[Extracted data entries]

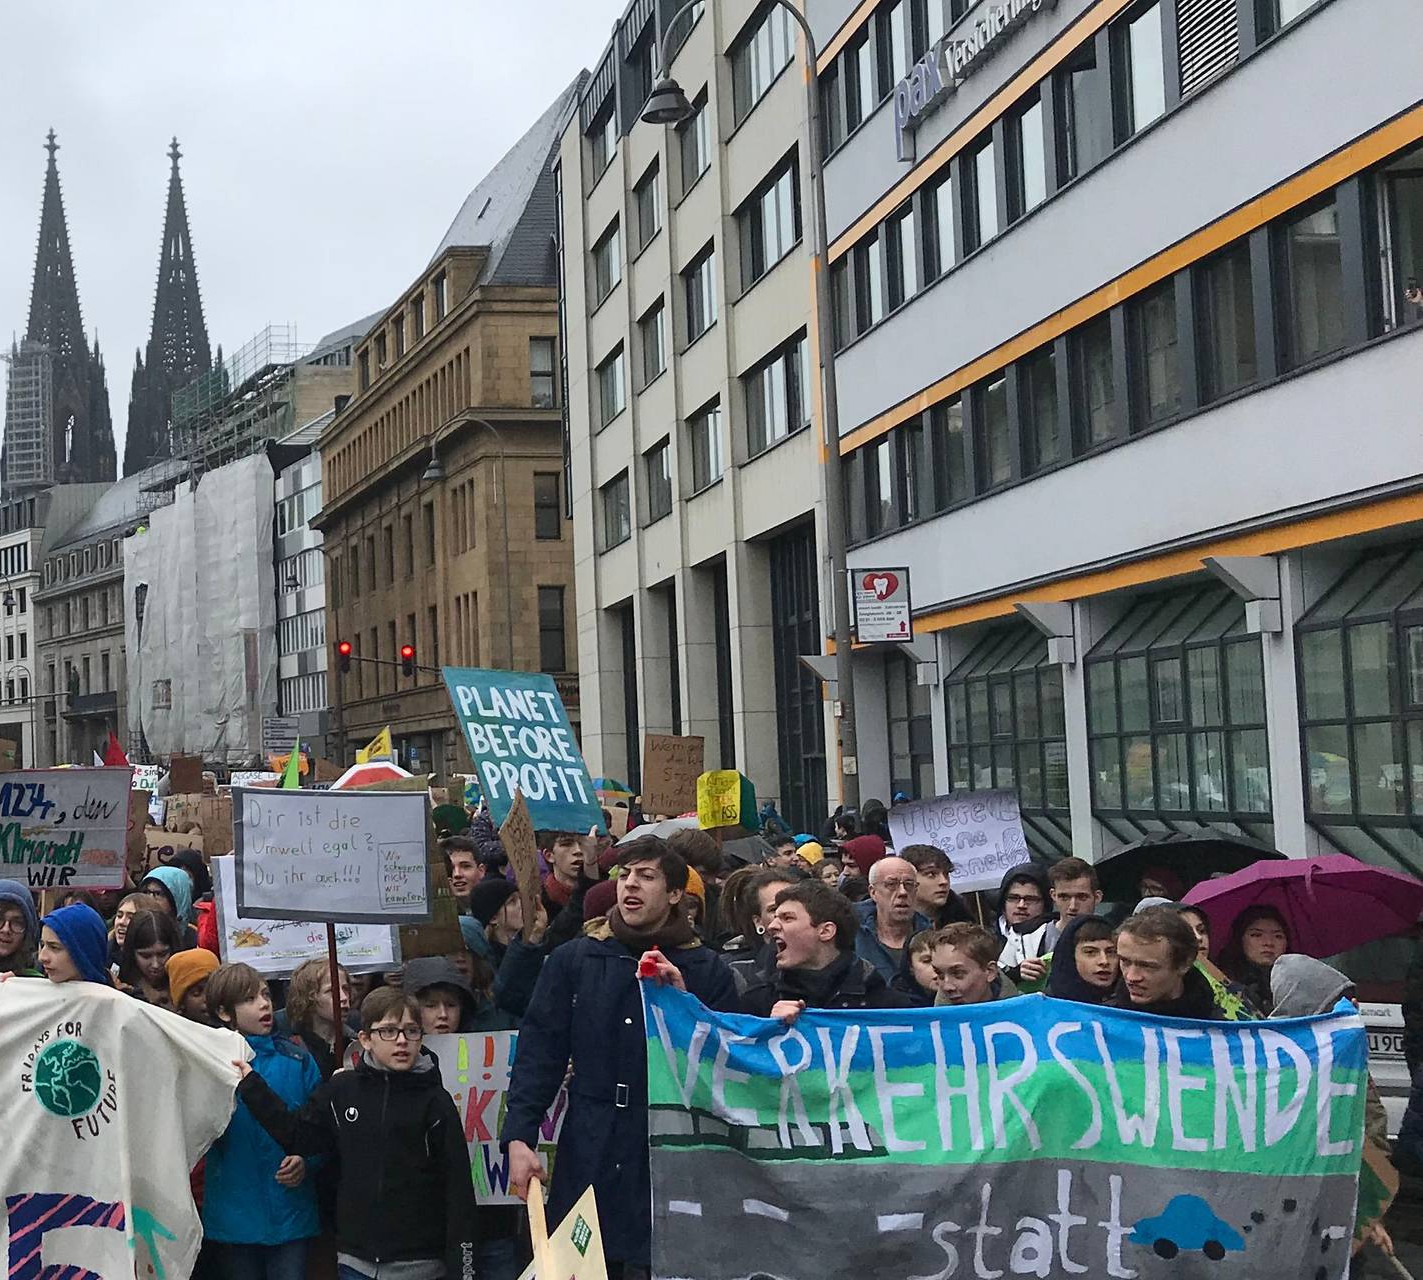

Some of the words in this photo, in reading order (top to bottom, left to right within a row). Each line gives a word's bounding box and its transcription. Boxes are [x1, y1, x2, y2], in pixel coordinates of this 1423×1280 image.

[455, 685, 560, 724] PLANET
[466, 721, 575, 764] BEFORE
[481, 760, 589, 806] PROFIT
[248, 798, 286, 829] Dir
[298, 804, 322, 828] ist
[329, 813, 361, 835] die
[253, 837, 314, 857] Umwelt
[27, 866, 77, 888] WIR
[254, 861, 275, 886] Du
[283, 864, 306, 884] ihr
[57, 1021, 83, 1037] FOR
[22, 1030, 51, 1093] FRIDAYS
[651, 1003, 1366, 1157] VERKEHRSWENDE
[929, 1169, 1141, 1280] statt
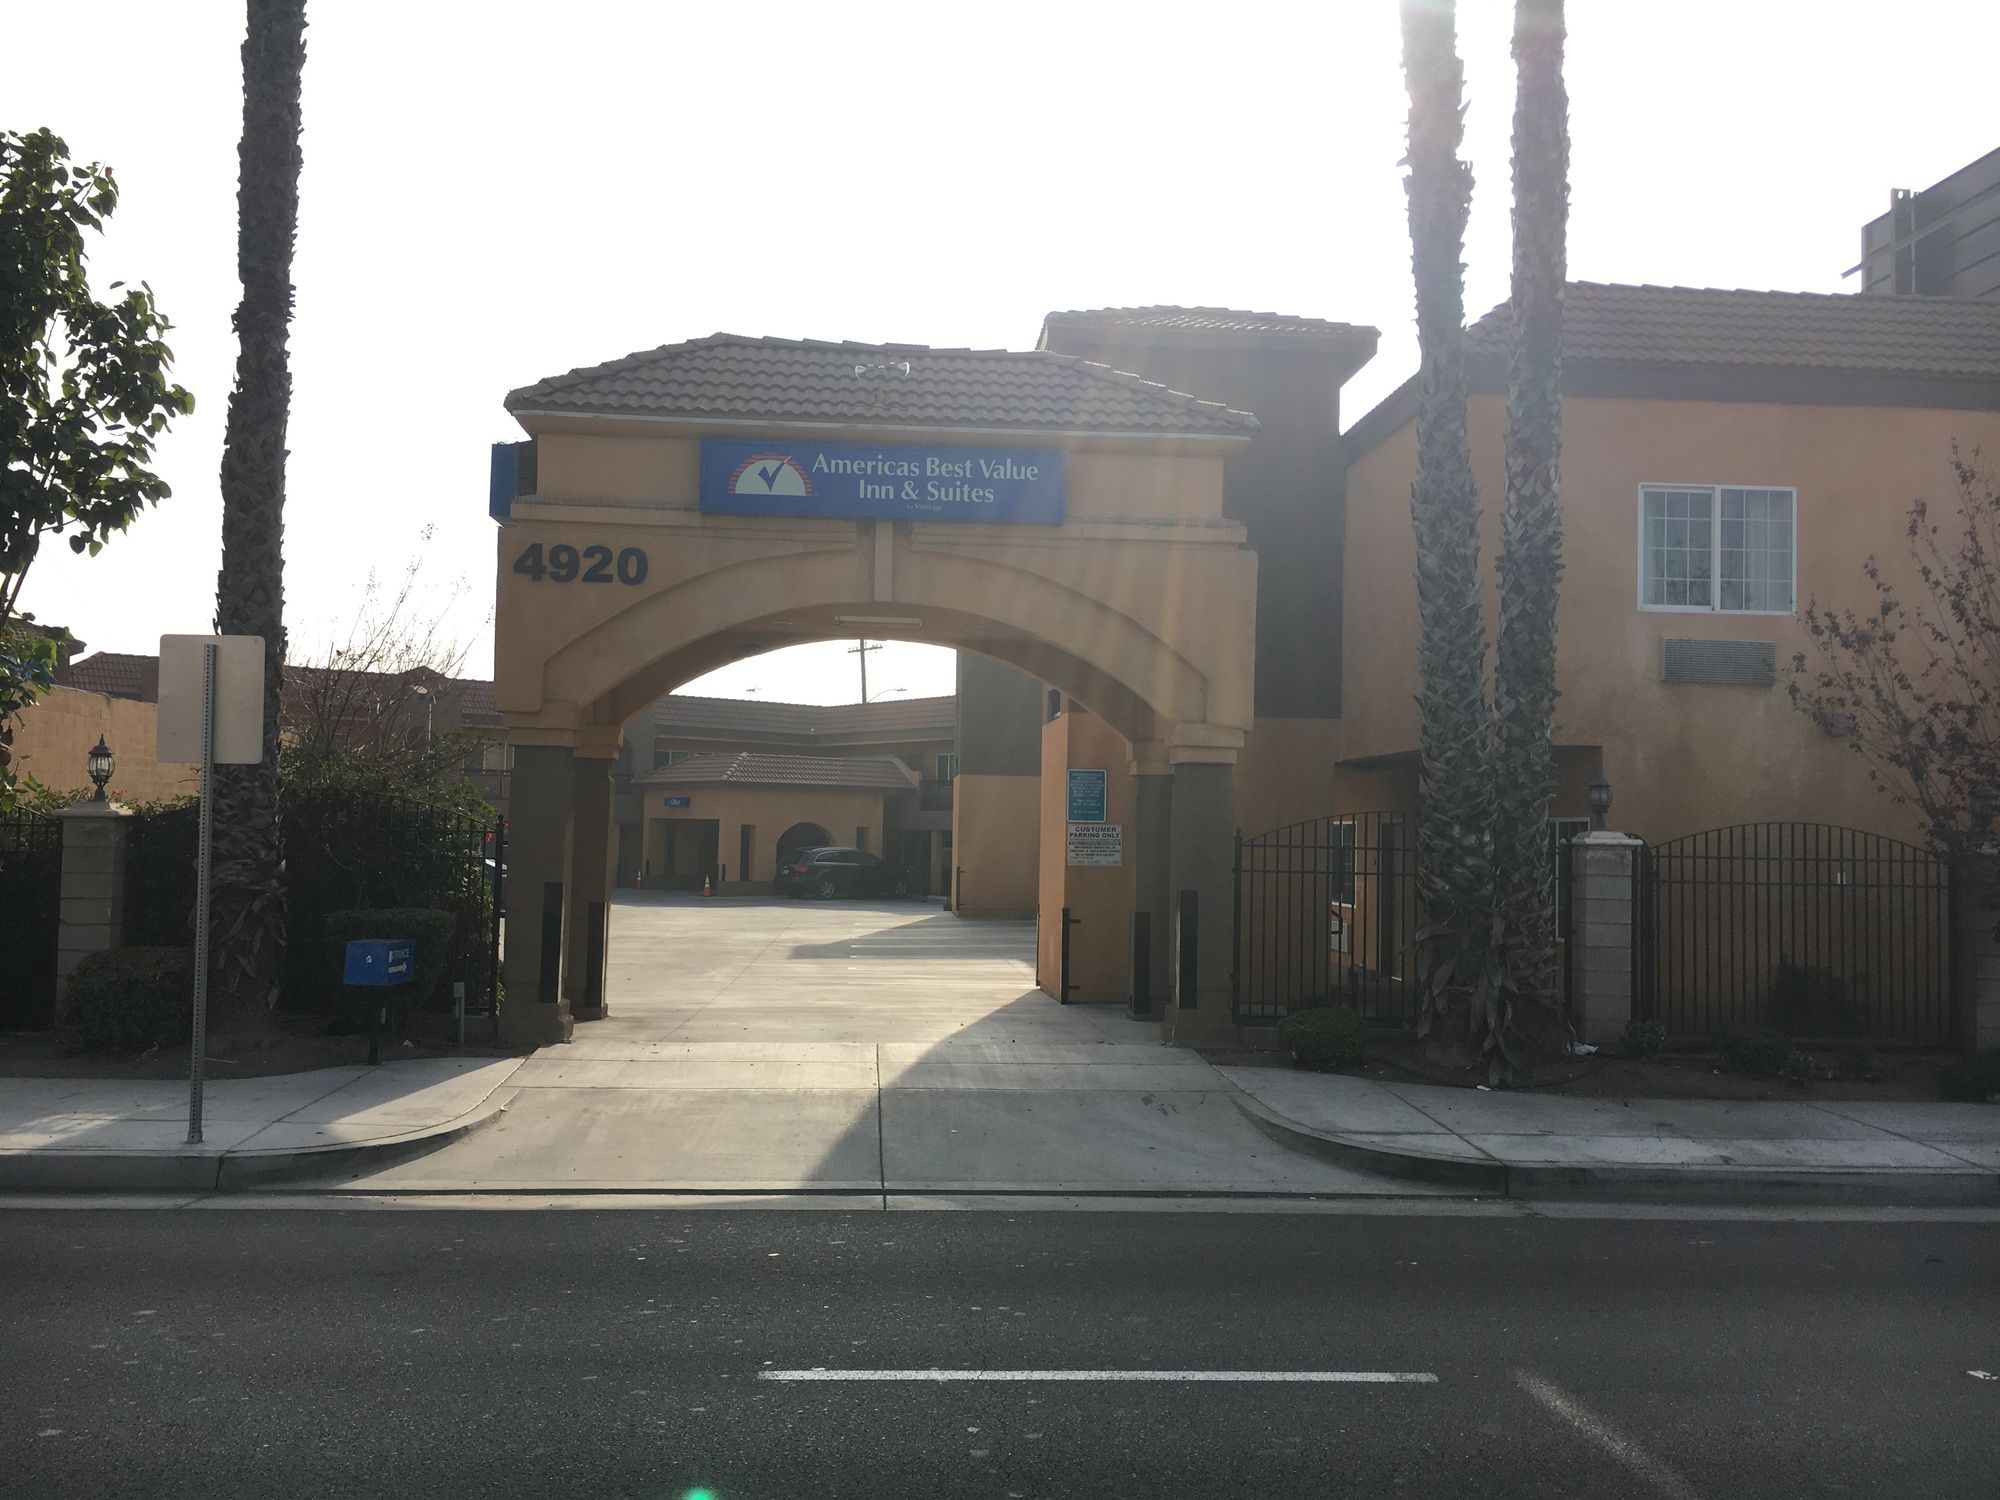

▶ [YOUR OBJECTIVE]: Your copy should hold each line above exactly and no pictures at all.

▶ [RESULT BELOW]:
Some of the words in this photo, in reading order (top to bottom, left to right within a row). Each line gives a word's bounding box and its transcription. Boxes are [x1, y1, x2, y2], in pixel coordinates of this 1423×1280 image.

[455, 685, 560, 724] PLANET
[466, 721, 575, 764] BEFORE
[481, 760, 589, 806] PROFIT
[248, 798, 286, 829] Dir
[298, 804, 322, 828] ist
[329, 813, 361, 835] die
[253, 837, 314, 857] Umwelt
[27, 866, 77, 888] WIR
[254, 861, 275, 886] Du
[283, 864, 306, 884] ihr
[57, 1021, 83, 1037] FOR
[22, 1030, 51, 1093] FRIDAYS
[651, 1003, 1366, 1157] VERKEHRSWENDE
[929, 1169, 1141, 1280] statt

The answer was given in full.